Queensland Health requires businesses such as restaurants, bars and clubs to collect and store the details of every person who enters their premises.
Chief Health Officer Dr Jeannette Young said the information would be vital if a patron or staff member tested positive to COVID-19.
“If someone with the disease has been to a venue, we urgently need to know who else might be at risk of infection,” she said.
“Having the names, phone numbers and email addresses of all customers and employees is critical in the event we have to carry out contact tracing and help minimise the spread of the disease.
“Time is of the essence in this task, so businesses must have this information on-hand so we can quickly track down people who may have been exposed and may need to be tested.”

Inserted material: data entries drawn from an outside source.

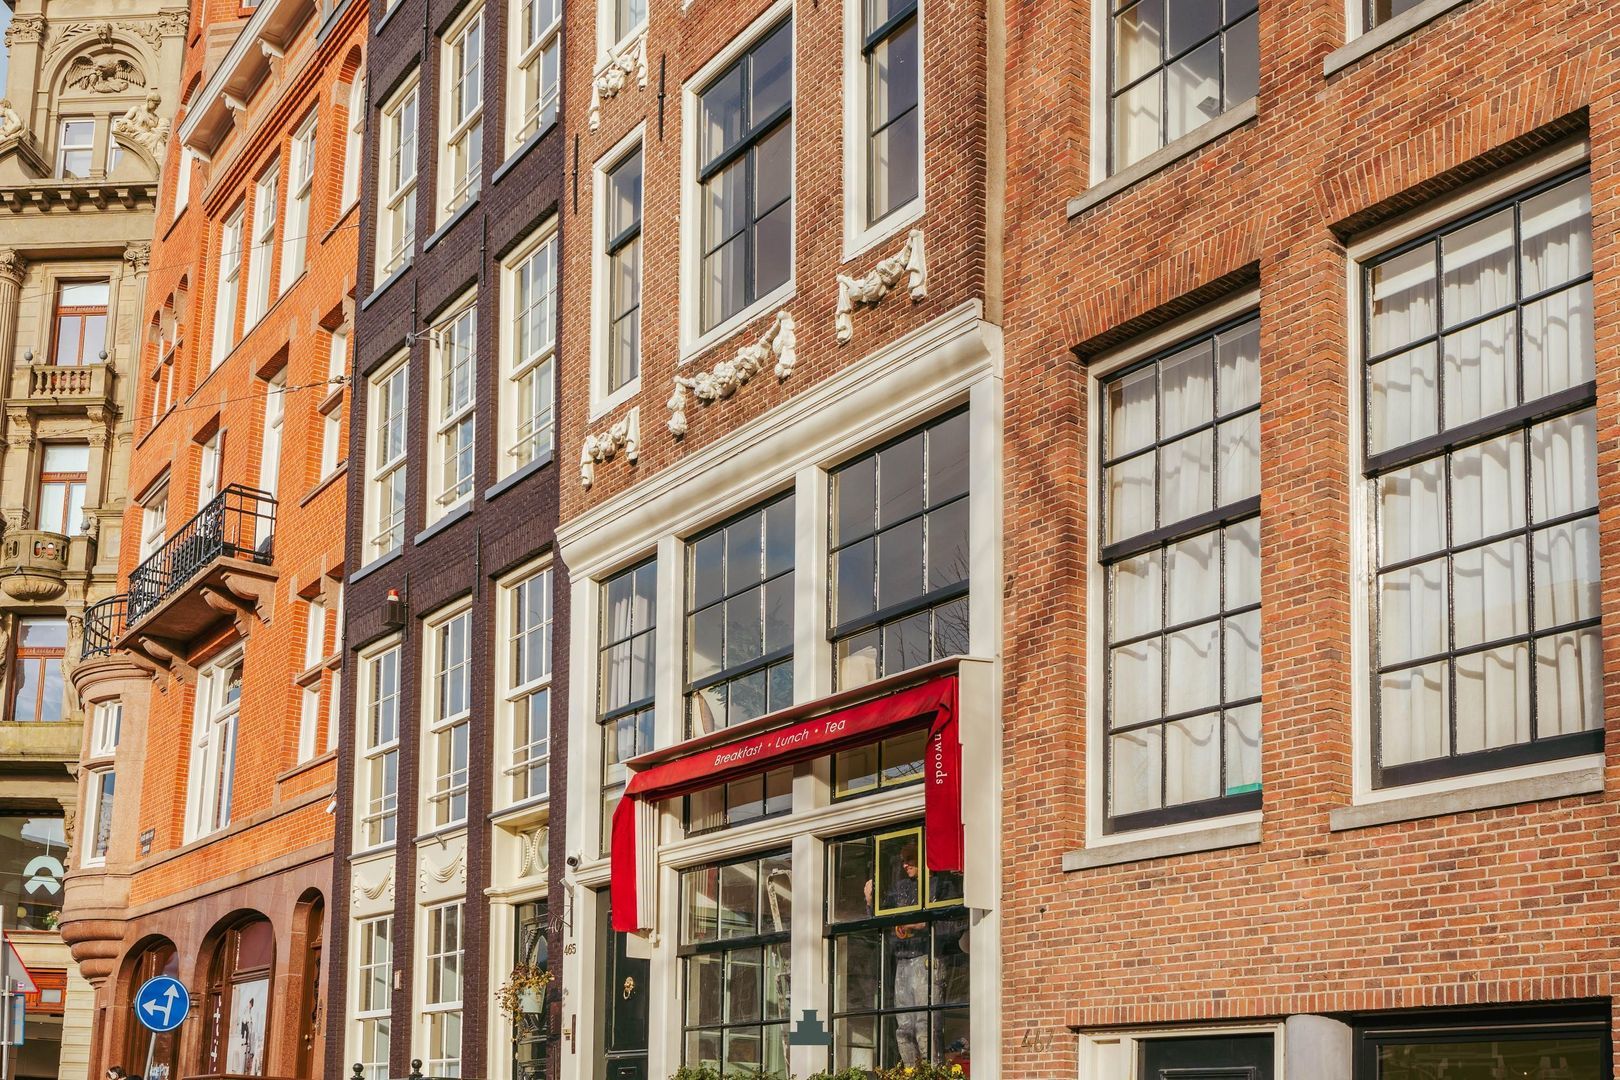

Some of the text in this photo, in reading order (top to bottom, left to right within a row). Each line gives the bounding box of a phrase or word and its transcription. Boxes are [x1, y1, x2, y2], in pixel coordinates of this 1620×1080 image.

[714, 719, 846, 766] Breakfast Lunch Tea
[934, 731, 948, 785] nwoods
[563, 943, 577, 956] 465
[1020, 1028, 1054, 1053] 467
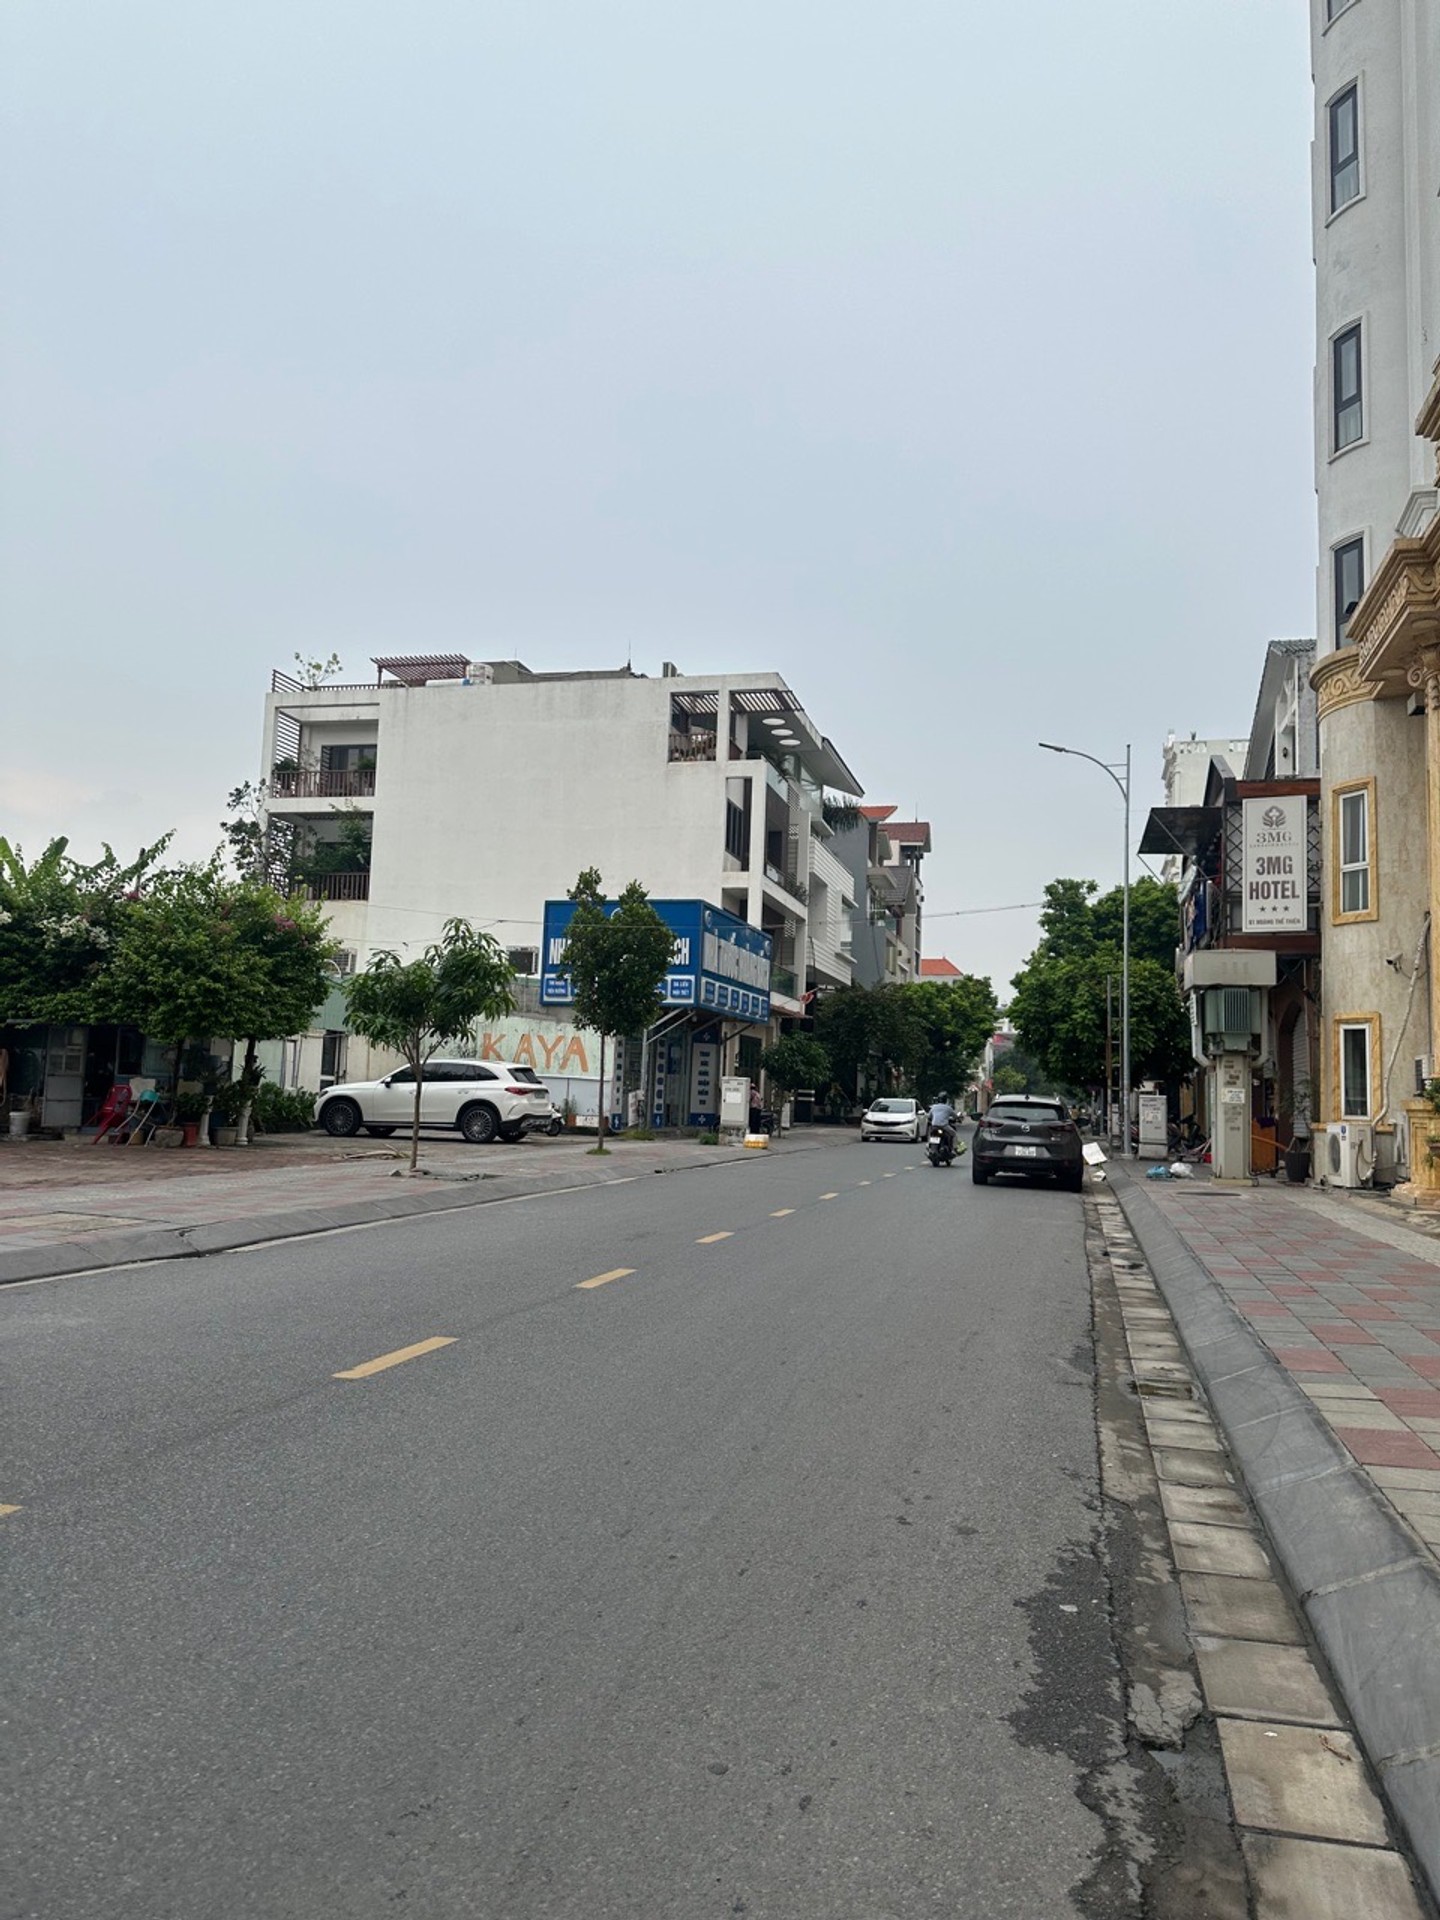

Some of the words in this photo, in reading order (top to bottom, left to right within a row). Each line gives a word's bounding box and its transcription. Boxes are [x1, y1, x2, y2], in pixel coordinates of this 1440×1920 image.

[1256, 831, 1292, 843] 3MG
[1256, 856, 1293, 876] 3MG
[1249, 880, 1300, 900] HOTEL
[481, 1032, 589, 1073] KAYA
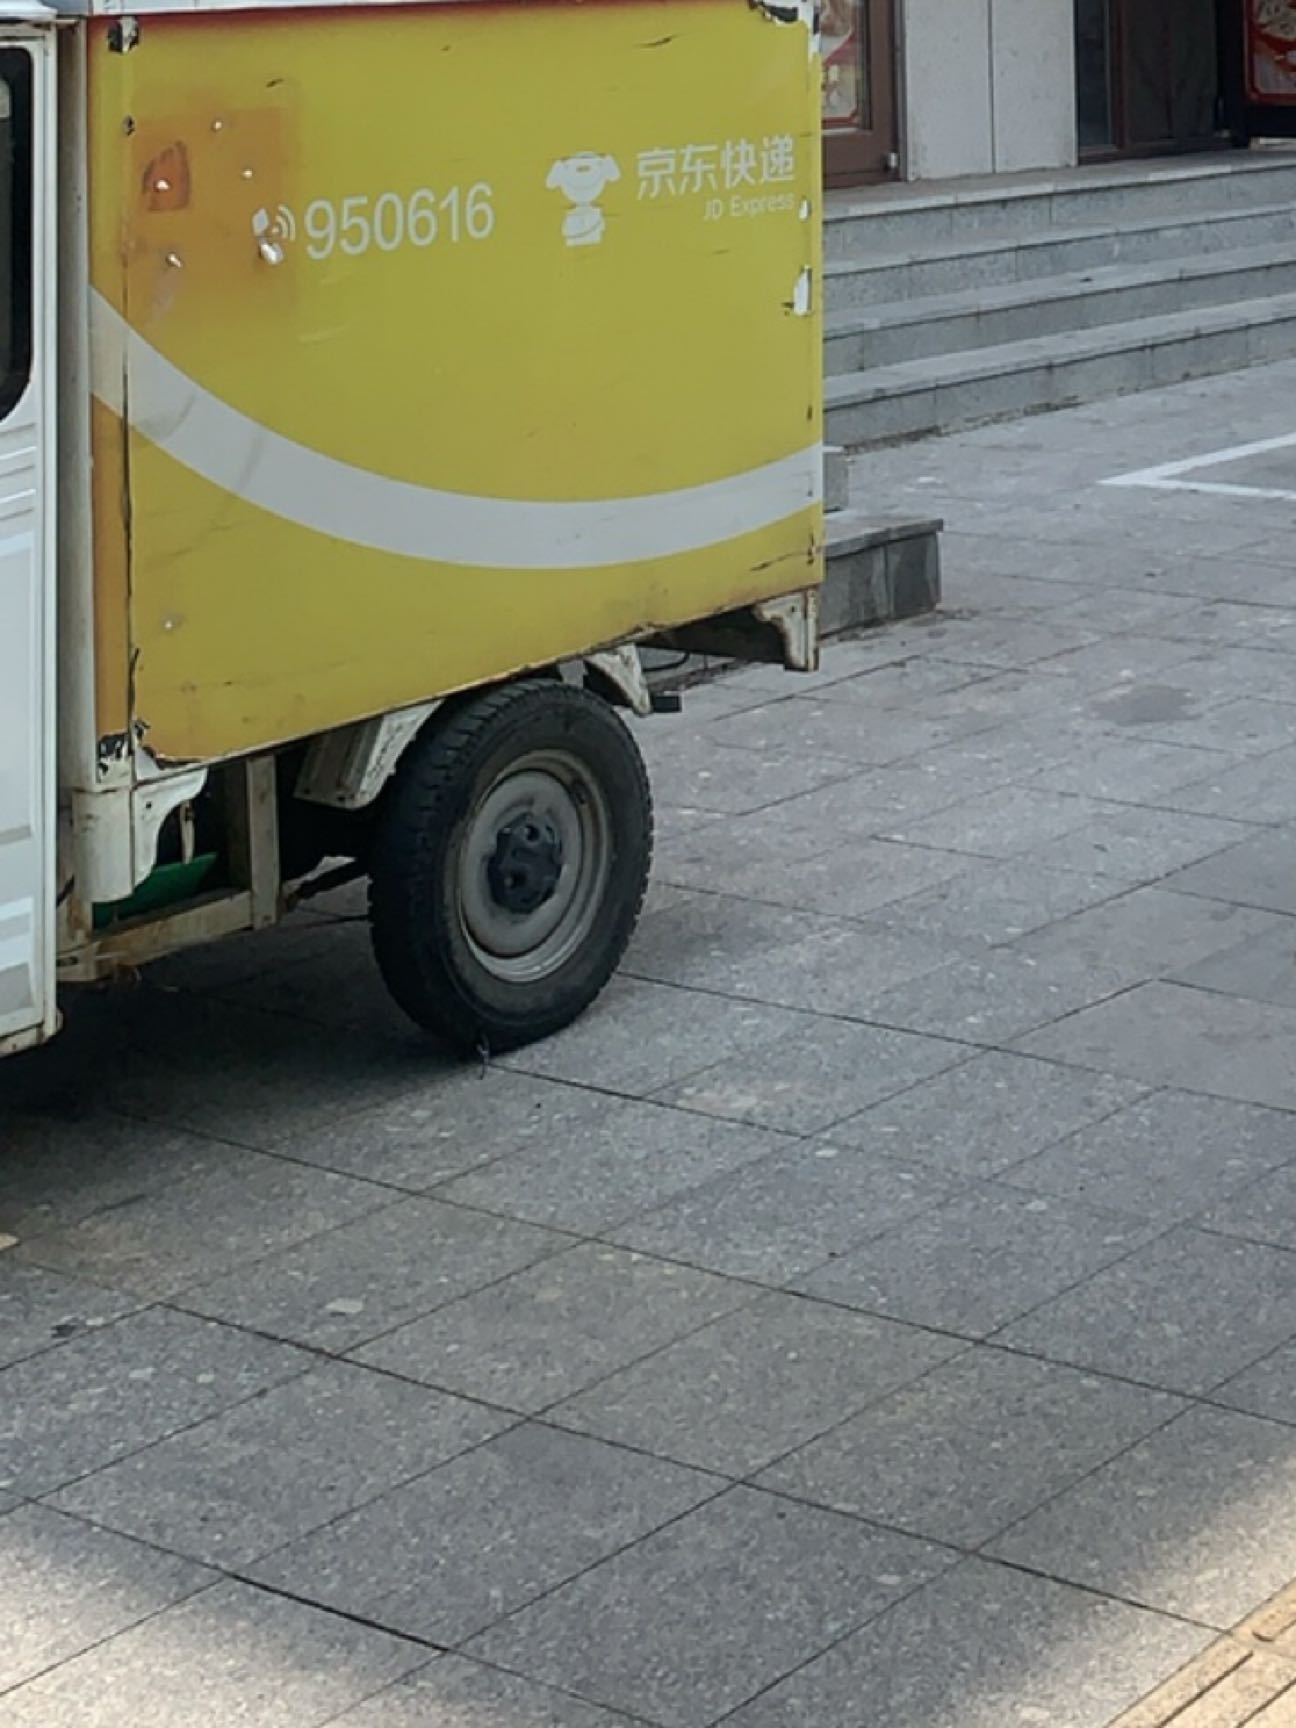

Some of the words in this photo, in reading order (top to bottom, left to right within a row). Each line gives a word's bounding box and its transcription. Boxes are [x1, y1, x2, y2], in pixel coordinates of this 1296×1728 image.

[637, 134, 795, 200] 京东快递
[304, 181, 495, 260] 950616
[731, 192, 795, 216] Express

The approved Industry COVID Safe Plan and Restrictions on Businesses, Activities and Undertakings Direction (No. 3) also require operators to record the times people were on the premises. All businesses are obliged to heed privacy regulations.
Dr Young said while the vast majority of Queenslanders were compliant, there had been reports of customers providing either false or incomplete details.
People who fail to produce contact tracing information without a reasonable excuse can be fined $1,334.
“People who provide fake names or numbers for whatever reason are not just putting themselves at risk, they’re putting their own family and friends at risk,” Dr Young said.
“If you have been exposed to someone with COVID-19, you need to know as soon as possible so you and your close contacts can act, including getting tested. Contact tracing is the safest and most effective way for that to happen. That’s why we need correct details.”
Dr Young has sent letters to businesses reminding them of their requirements under the health direction.